Definitely recommend looking up some Synthesizer V covers to see how realistic singing voice synthesis has become in recent years. It’s also free to try lower quality versions of the voices.

Save your money and record at home under a blanket.

Closet full of jackets works too. That’s what a lot of podcasters do when traveling

They also do pillow forts, e.g. http://PillowFortStudios.com/

Layered towels are surprisingly capable too

Or if you want to feel a little fancy, a 3-sided folding project board with foam glued to it.

Part of me looks forward to these experiences. A larger part of me already mourns the decline is purely human creativity that they suggest. Perhaps AI models will make the perfect game or music or write the perfect novel. I'm certain they'll be programmed to reproduce the funky jank and humans bring to everything they create. At some level, though, we each have our own story that we want to tell and when there are so many automated voices in the room, it's going to be harder to tell those stories.

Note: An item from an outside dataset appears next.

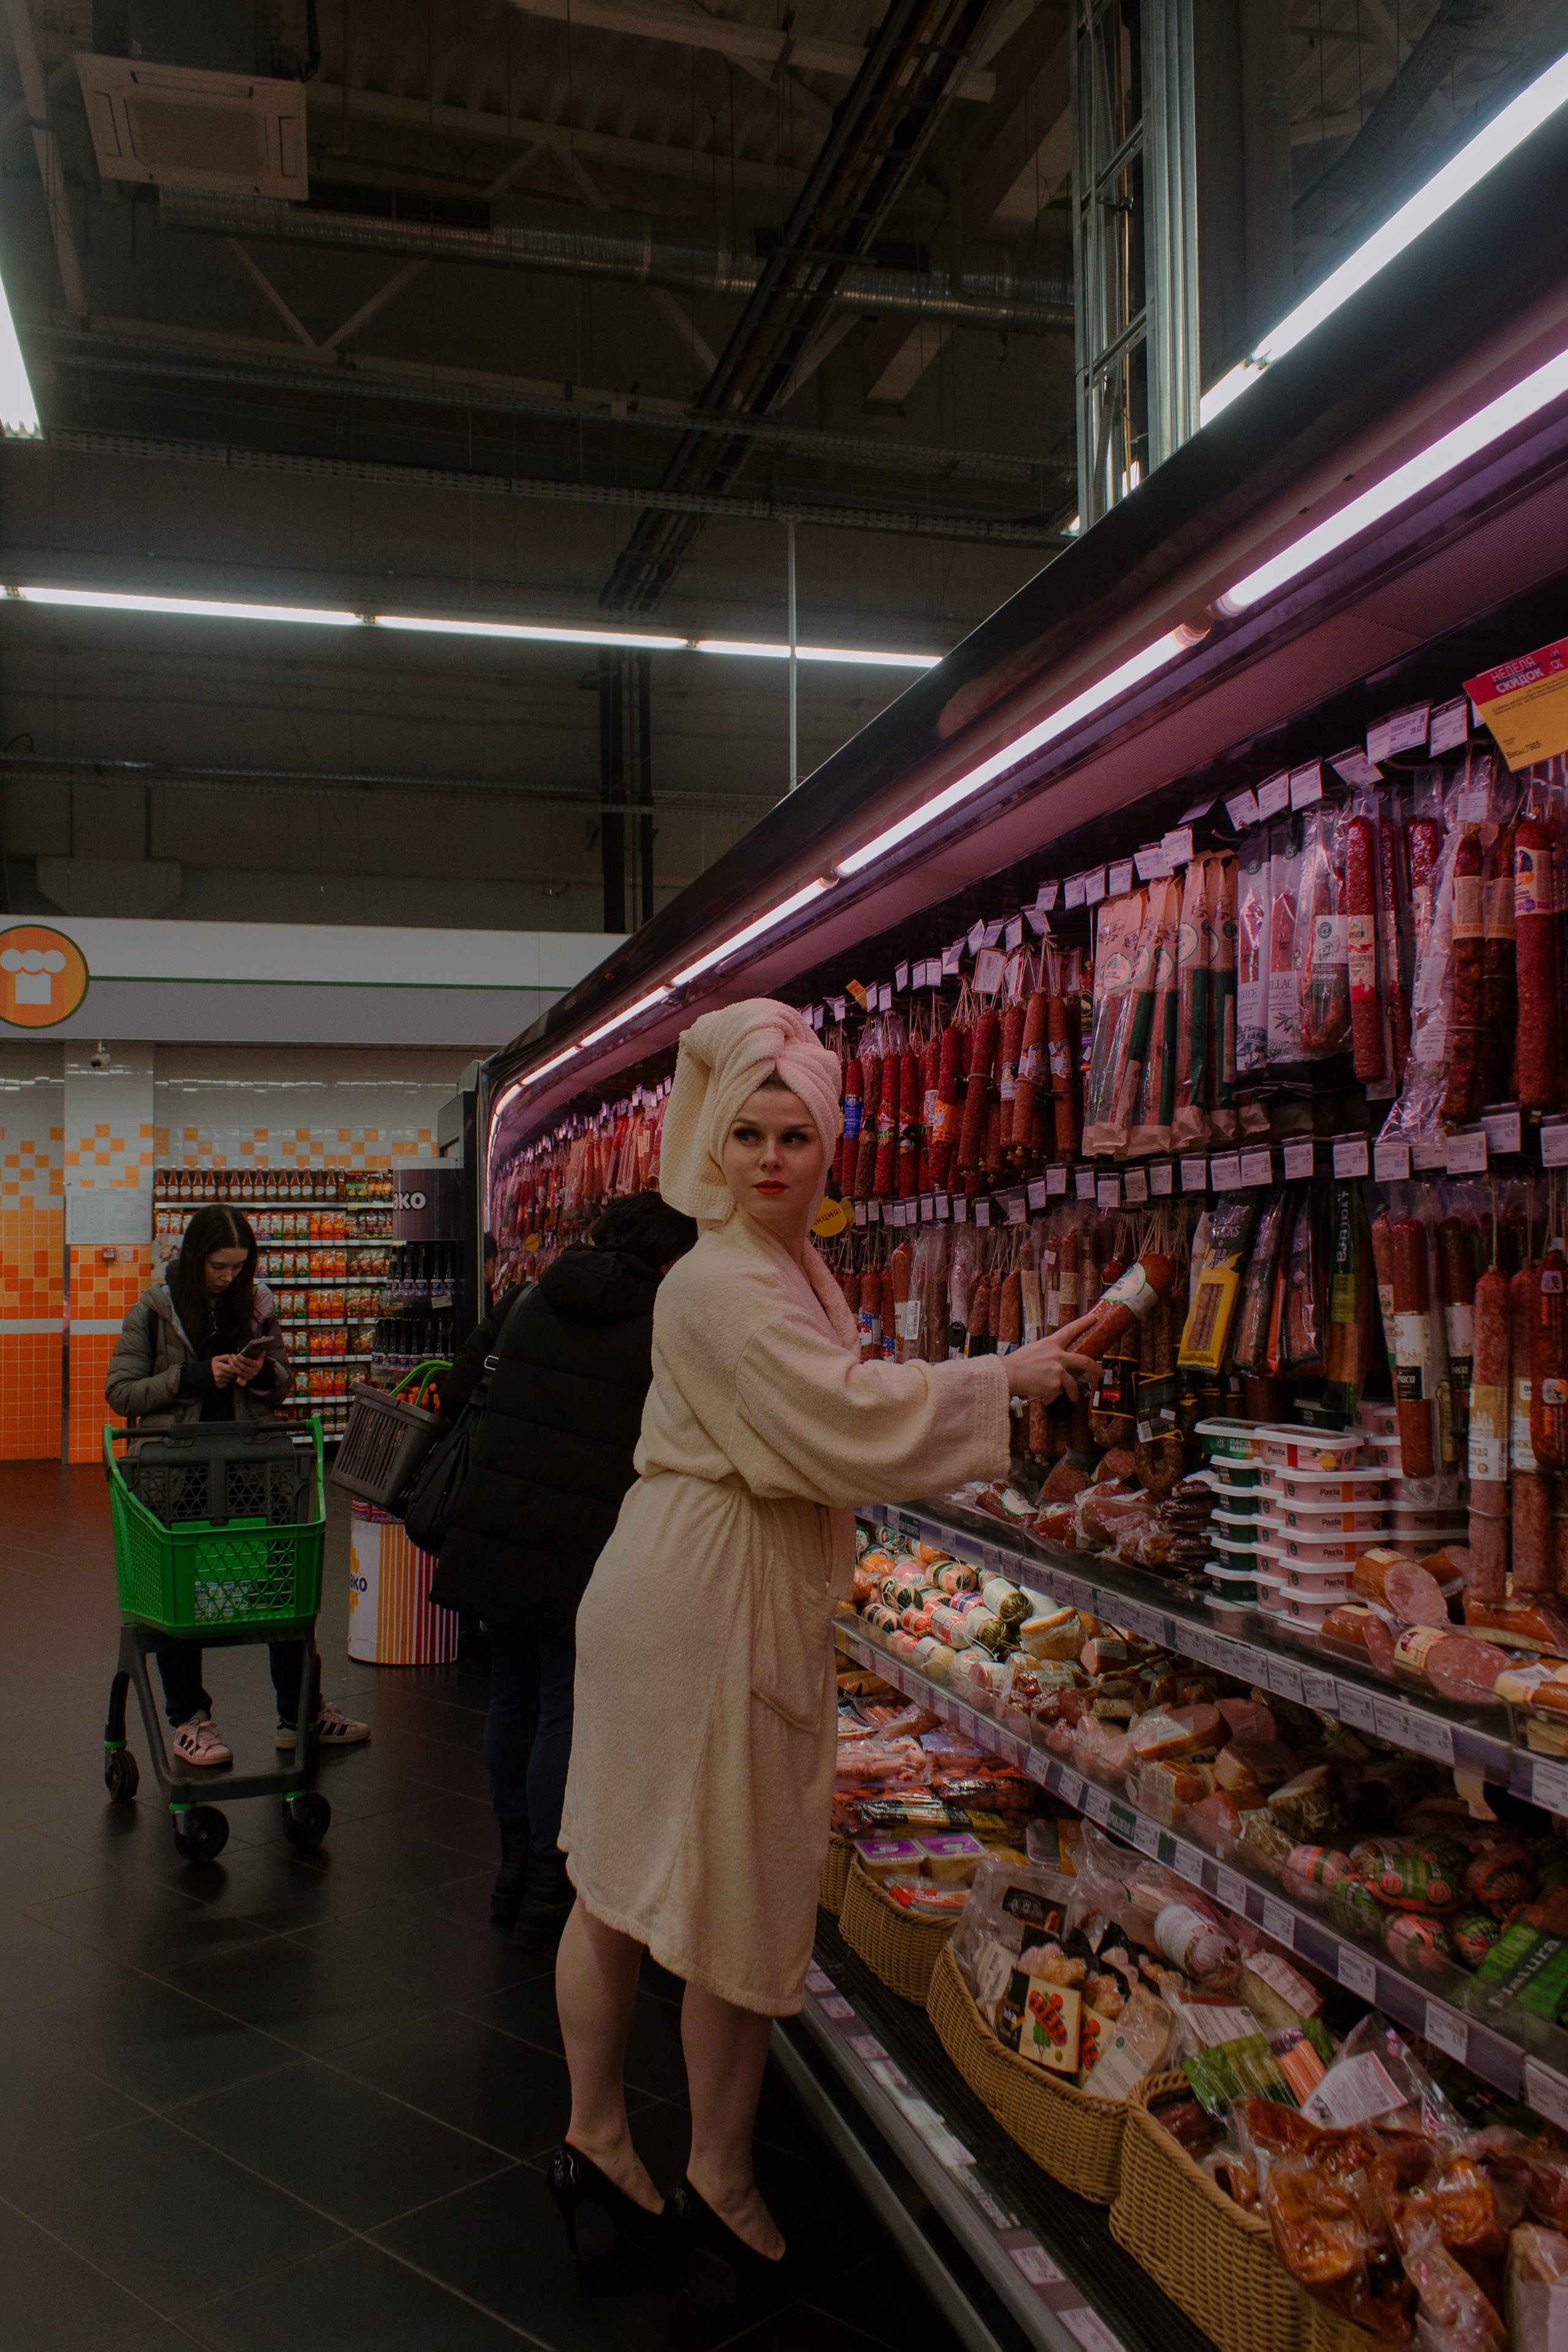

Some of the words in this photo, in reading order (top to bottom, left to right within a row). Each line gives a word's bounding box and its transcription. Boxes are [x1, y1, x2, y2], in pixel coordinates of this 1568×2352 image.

It'll affect linear entertainment far before it impacts games seriously (Especially the 'full immersive' games where you chat with AI agents)

AI is still too expensive and performance intensive to run in games cost effectively, and truly powerful AI is probably another 10-100x cost increase.

On the other hand, novels will be rapidly replaced by visual novels. The cost of having a novel fully illustrated and voiced will go down 1000x. A high quality illustration used to cost $500-$1000 (A day's work from a high-tier commercial artist), soon it will be about $0.5. I'm not counting in the author's time to prompt the images, because it would have costed them way more time to communicate with the illustrator anyways.

The entire boundary between novels, comics, cartoons etc will blur. Like if a newly written Harry Potter can have thousands of illustrations set in Hogwarts and be fully voiced, the standards for a movie adaptation will be astronomically high, which will in turn drive AI use in movie production just to keep up.

> It'll affect linear entertainment far before it impacts games seriously

Maybe. But I think you make the mistake of considering games that combine existung AAA features + AI as where it will first impact games, where I think it will first make its mark in games that don’t use hardware heavily for 3d rendering by opening up new modes of gaming.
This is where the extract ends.